We all remember the Brown bounce after Gordon got coronated Labour leader. How long did that last…
Now, in the light of the forthcoming Glasgow East by-election, there is a new bounce. At least, that’s how the latest Times/Populus Poll (C 41 (-4), L 28 (+3), LD 19 (-1)) is being interpreted – and on the back of a YouGov poll showing a similar trend.
UK Polling Report’s Anthony Wells reckons it’s a recovery, as does Political Betting’s Mike Smithson.
The critical problems with these assumptions are (a) they assume Brown is winning some voters over and the trend may continue, and (b) it’s only +3.
Let’s face it. People think Brown is going – so the press and media tell them.
So they’re going to vote Labour (only +3). Brown actually going might add a few more points, but still leaves Labour with fewer than a third of voters supporting them.
All we need is further deepening economic gloom and more bad headlines for Labour and this +3 will unravel.
So it doesn’t matter who leads Labour: they’re done for. Brown isn’t going to go, even if he loses Glasgow East (which is lost as pointed out by Catholic composer James MacMillan in the Telegraph:
The recent parliamentary votes that defeated amendments to ban human-animal embryos, the creation of “saviour siblings”, and to reduce the abortion time limit did not go down well in places such as Glasgow East.
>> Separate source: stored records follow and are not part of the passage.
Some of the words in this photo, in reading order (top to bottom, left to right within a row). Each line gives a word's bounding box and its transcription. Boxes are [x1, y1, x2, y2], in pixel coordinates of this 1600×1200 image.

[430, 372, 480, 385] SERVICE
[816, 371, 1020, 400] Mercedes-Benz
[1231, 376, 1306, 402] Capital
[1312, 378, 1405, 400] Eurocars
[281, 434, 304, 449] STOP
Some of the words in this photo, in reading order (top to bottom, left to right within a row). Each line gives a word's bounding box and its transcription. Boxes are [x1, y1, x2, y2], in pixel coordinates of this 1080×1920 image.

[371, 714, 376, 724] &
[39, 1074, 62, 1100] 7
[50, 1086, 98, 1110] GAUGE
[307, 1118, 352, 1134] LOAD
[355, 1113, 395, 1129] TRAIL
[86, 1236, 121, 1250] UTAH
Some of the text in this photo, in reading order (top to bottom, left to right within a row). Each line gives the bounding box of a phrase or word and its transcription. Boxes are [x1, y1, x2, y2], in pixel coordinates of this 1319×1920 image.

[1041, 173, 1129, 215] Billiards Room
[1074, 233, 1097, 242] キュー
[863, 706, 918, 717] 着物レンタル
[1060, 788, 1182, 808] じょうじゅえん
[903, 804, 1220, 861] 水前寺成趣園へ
The votes of Labour MPs reflected the party’s one-sided approach to these issues and their hostility towards many in Scotland who are concerned about the dignity of human life, at all stages.
The party in London organised and advertised events to campaign on one side of the argument, in what was meant to be an issue of conscience, not party politics.
On the issue of late abortions after 20 or 22 weeks, this campaigning seemed to be seriously out of step with public opinion in Scotland, where there is a different and independent culture of ethical thinking on these matters.
The issue was going to be potent at the next general and Scottish parliamentary elections in any case, but suddenly there is to be a by-election in working-class Scotland, where there are lots of Catholic voters.
Most Catholics have so far resisted voting on single issues, seeing the pressing need for social justice across the board. To many old-style socialists, there is nothing more fundamental to a just and fair society than the protection of its most vulnerable members and their right to life.
The recent Commons vote represents a tipping point for many Labour voters in Scotland. Party numbers in both parliaments could soon be decimated.
Conor McGinn, the vice-chairman of Young Labour, resigned in protest at the growing anti-Catholic prejudice in the party, and its hostility towards the pro-life movement. The party in Scotland has had the long support of swaths of the Catholic electorate.
Helen Liddell almost lost John Smith’s Monklands East seat in the 1994 by-election (a big swing to the SNP) due to Labour’s discrimination against the Protestants of Airdrie. Now Labour is completely out of tune with the Catholics of East Glasgow, and with the Government so deeply unpopular and the SNP on an “extended honeymoon” as First Minister Alex Salmond himself says, Glasgow East will fall.
Last summer there was a Brown bounce. This summer there’s a Brown-going-out bounce. Sorry, folks, he’s going nowhere.